The flip side of this is that the return value is now the String, so there must be another way to tell if an error has occurred or an EOF has been reached. One solution (I'm looking for a better one), and the one we use, is to set a data member flag. If the flag has been set to EOF, we simply return a Java null String. So once again, an extra layer saves us from a lot of truly gross code!
This is one hoop I think the JavaSoft team should've solved for us. There is simply no way to get a FILE * (or a file descriptor) from a FileStream. PQtrace() expects a FILE *, so we simply open one, based on a filename passed in by the user. We check to see if it's “stdout” or “stderr”, and act accordingly.
We see the problem again when we try to implement Postgres95's printTuples (or displayTuples for 1.1). It also expects a FILE*, but this time the solution is a little messier. Here, we want the output in a String, so we open a temporary file, send it to the libpq function, rewind it, read it, and close it. This is pretty messy, but it does work, and is actually pretty quick about it.

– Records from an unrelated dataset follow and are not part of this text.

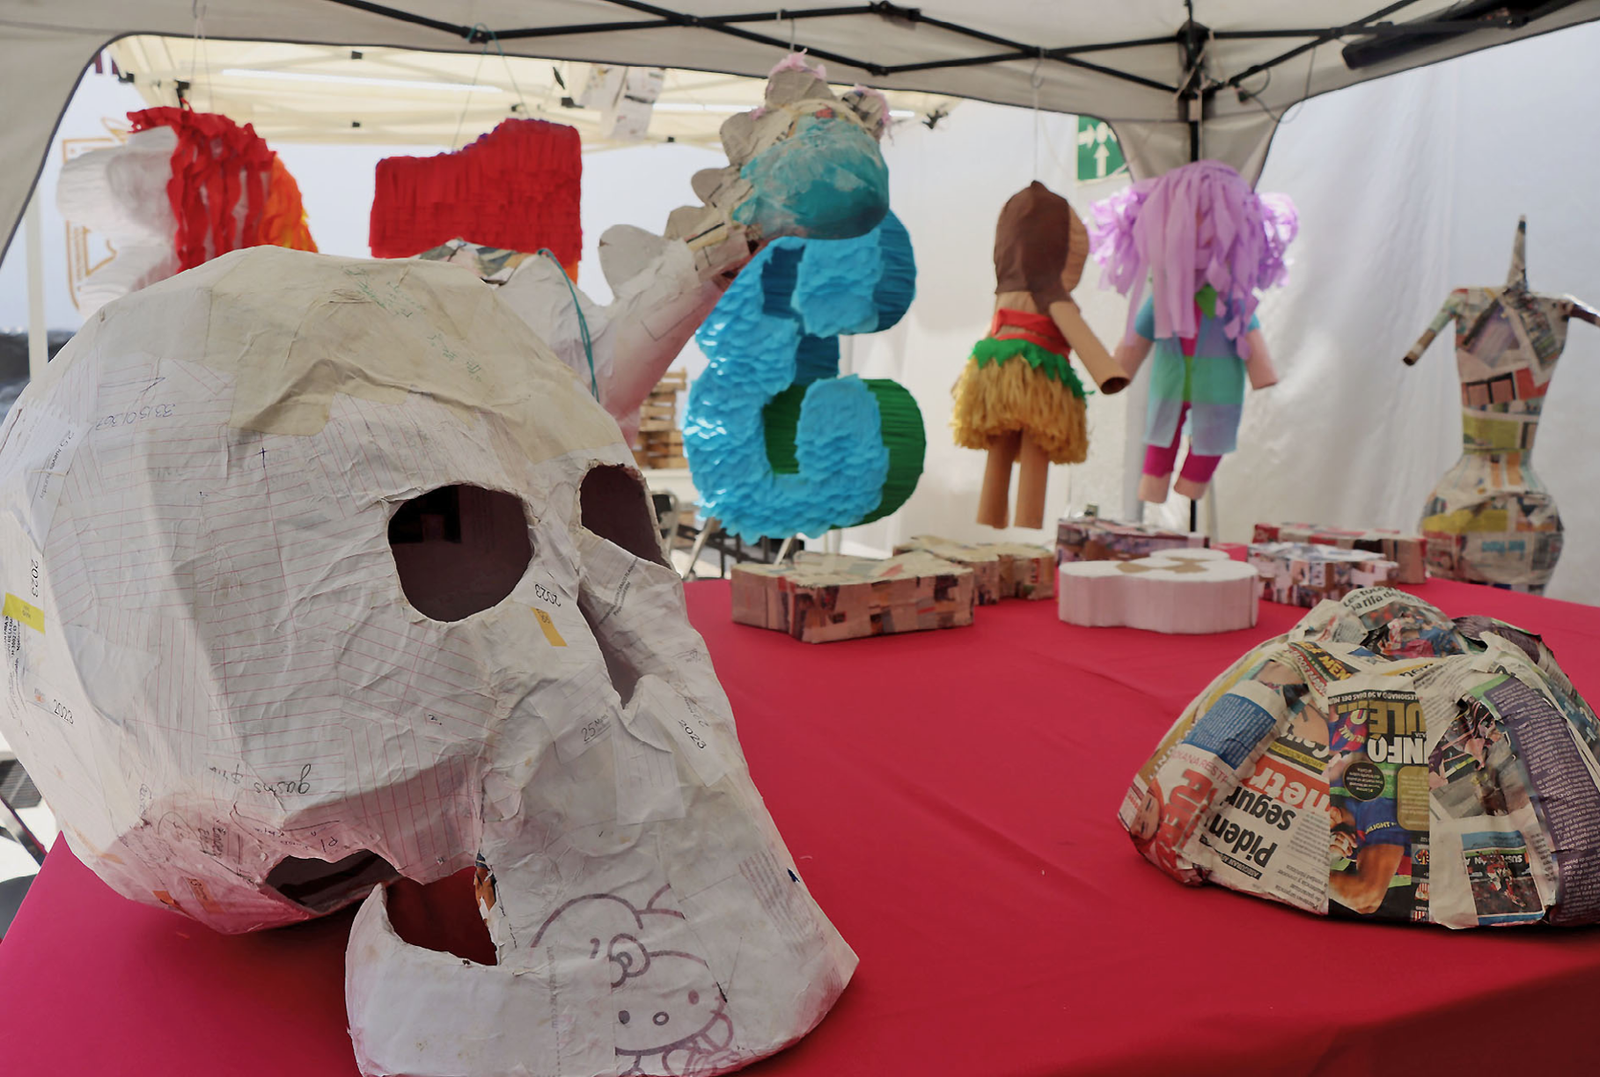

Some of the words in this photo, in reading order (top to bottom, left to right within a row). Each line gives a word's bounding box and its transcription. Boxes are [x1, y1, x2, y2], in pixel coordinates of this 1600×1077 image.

[30, 559, 39, 598] 2023
[535, 583, 561, 607] 2023
[53, 699, 74, 725] 2023
[581, 722, 596, 741] 25
[678, 719, 707, 750] 2023
[1208, 813, 1278, 868] Piden

If we wanted to write a cleaner version, we could certainly rewrite displayTuples() completely in Java code, using PGResult's native methods fname() and getValue() that we have already defined.
After writing all the C code, we are ready to generate our shared library.
First, we have to compile the .c files:
gcc -O2 -fPIC -I/usr/local/java/include/ \ -I/usr/local/java/include/solaris \ -c PGConnectionNative.c gcc ... (repeat for each .c file)
Then we link them:
gcc -shared -Wl,-soname,libJgres.so.1 -o libJgres.so.1.0 *.o -lpq
The -lpq tells the dynamic loader to load libpq.so when Java loads this library.
And finally, put them somewhere the dynamic loader can find them (in your LD_LIBRARY_PATH, or in a standard location (i.e. /usr/local/lib) and rerun /sbin/ldconfig -v).
That's all there is to it. Now we can use PGConnection and PGResult just like any other Java classes.
To finish up this section, let's use our new classes to implement a simple SQL client. The client will connect to a database “foo” and accept query strings from standard input. PGConnection.exec() will process the queries, and print the results to the terminal using formatTuples(). The connection to the database is made on line 17 in Listing 3 (QueryTest.java).
We use the libpq convention of sending NULL (the empty Java string "" translates into a NULL char *) for any parameters we don't know. Notice that the call to PGConnection's constructor is surrounded by a “try” block. If an exception is thrown within this block, we have a problem with the connection and exit nicely (lines 54-58, Listing 3).
At line 24 of Listing 3, we test some of the simple functions to print out information about what we're connected to. We then read a query string and quit if it is “q” or “Q”.
We process the query on line 33 of Listing 3, by calling exec(). Note that we nest another “try” block here, because if we get a PostgresException on an exec(), we want to simply print the error and continue (we handle the exception on lines 43-46). If we reach line 34, we know that the PGResult is valid. We check to see if it returned any tuples, and use formatTuples() to print them if it did. If not, we simply print the current status and continue.